Visualization 101: Practicing Visualization

Ethango
8 min readJul 21, 2021

--

Most people who study Data Science comes from a mathematical and statistical background, and it’s often the case that they dismiss the importance of Data Visualization.

Trying to improve or add on other visualization is a good practice to improve your visualization skill. Here is a step-by-step guide on improving your data visualization.

I came across an amazing visualization on Bloomberg (https://www.bloomberg.com/graphics/2015-whats-warming-the-world/) that reveals the effect of a different array of factors (natural and manmade) on global warming.

The Visualization, as seen on Bloomberg.

The visualization shows an animated timeline of an increase in temperature compared to the 1880 -1910 average. The dots on the right side acts as a filter for the effect of factors on global warming.

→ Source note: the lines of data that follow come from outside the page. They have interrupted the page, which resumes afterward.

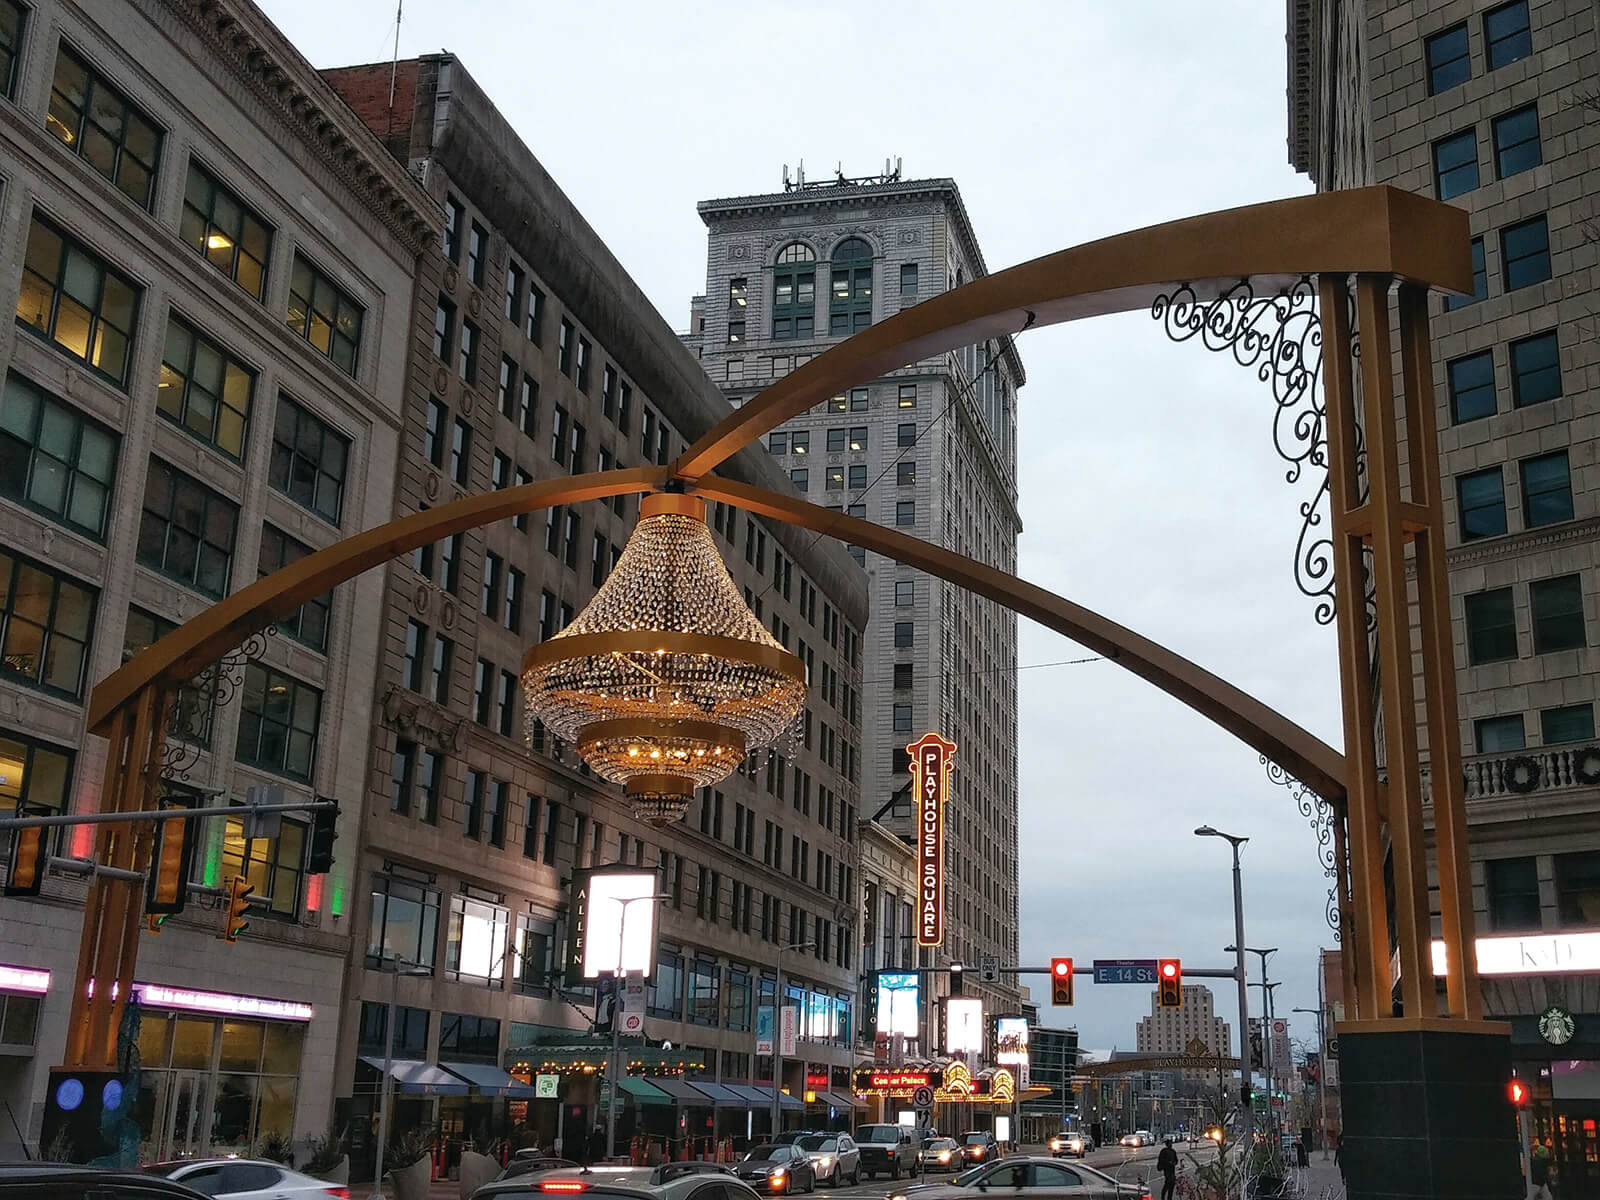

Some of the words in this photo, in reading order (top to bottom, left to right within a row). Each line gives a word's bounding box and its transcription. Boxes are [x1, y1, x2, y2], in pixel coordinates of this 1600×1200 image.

[924, 753, 937, 857] PLAYHOUSE
[573, 889, 586, 964] ALLEN
[924, 863, 936, 937] SQUARE
[1099, 969, 1112, 982] E.
[1117, 968, 1133, 981] 14
[1137, 968, 1153, 981] St
[869, 987, 878, 1024] OHIO
[1155, 1055, 1203, 1067] PLAYHOUSE
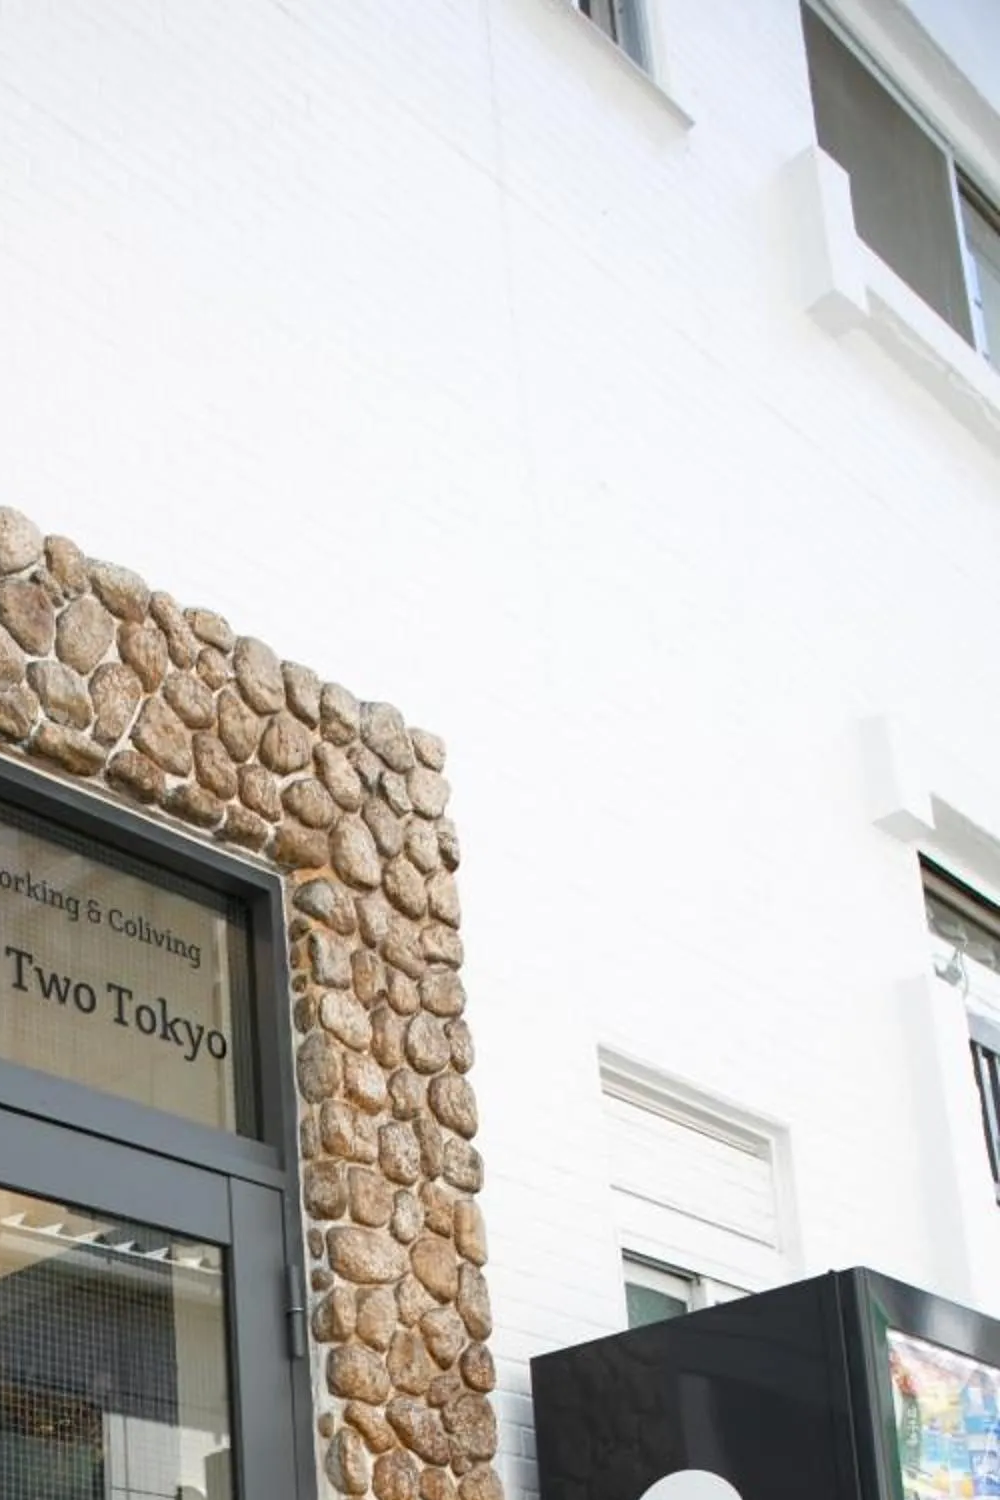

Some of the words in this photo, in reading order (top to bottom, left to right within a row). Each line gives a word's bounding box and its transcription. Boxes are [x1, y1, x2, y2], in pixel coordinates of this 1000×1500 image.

[109, 909, 202, 968] Coliving
[5, 945, 98, 1015] Two
[106, 983, 228, 1062] Tokyo

In truth, I don’t think this visualization is one of the best visualizations you can make! I don’t believe a beginner can make these visualizations. The question for us is: How can we find flaws in amazing visualization like the one above?

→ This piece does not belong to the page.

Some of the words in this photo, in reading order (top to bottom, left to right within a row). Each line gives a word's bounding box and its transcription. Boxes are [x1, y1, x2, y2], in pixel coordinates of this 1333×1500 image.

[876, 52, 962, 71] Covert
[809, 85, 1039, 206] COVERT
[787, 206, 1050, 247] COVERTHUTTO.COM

In this article, I will show how good visualizations can also be bad visualizations. In short, presentation isn’t as important as information in Data Science. I’ll show my step-by-step process of debunking good visualization and create my own visualization that is “better” than the visualization above.

Step 0: Download Data

The first step is to download the dataset!

The original dataset for this visualization can be found on Makeover Monday: https://data.world/makeovermonday/2021w3.

To download the file, view the dataset and click download.

The download button after previewing the dataset on Makeover Monday

Step 1: Data Exploration

The first important step is to explore the data and uncover any limitations and biases in the data. Here, the data dictionary is a good step, as it allows users to see what each column represents.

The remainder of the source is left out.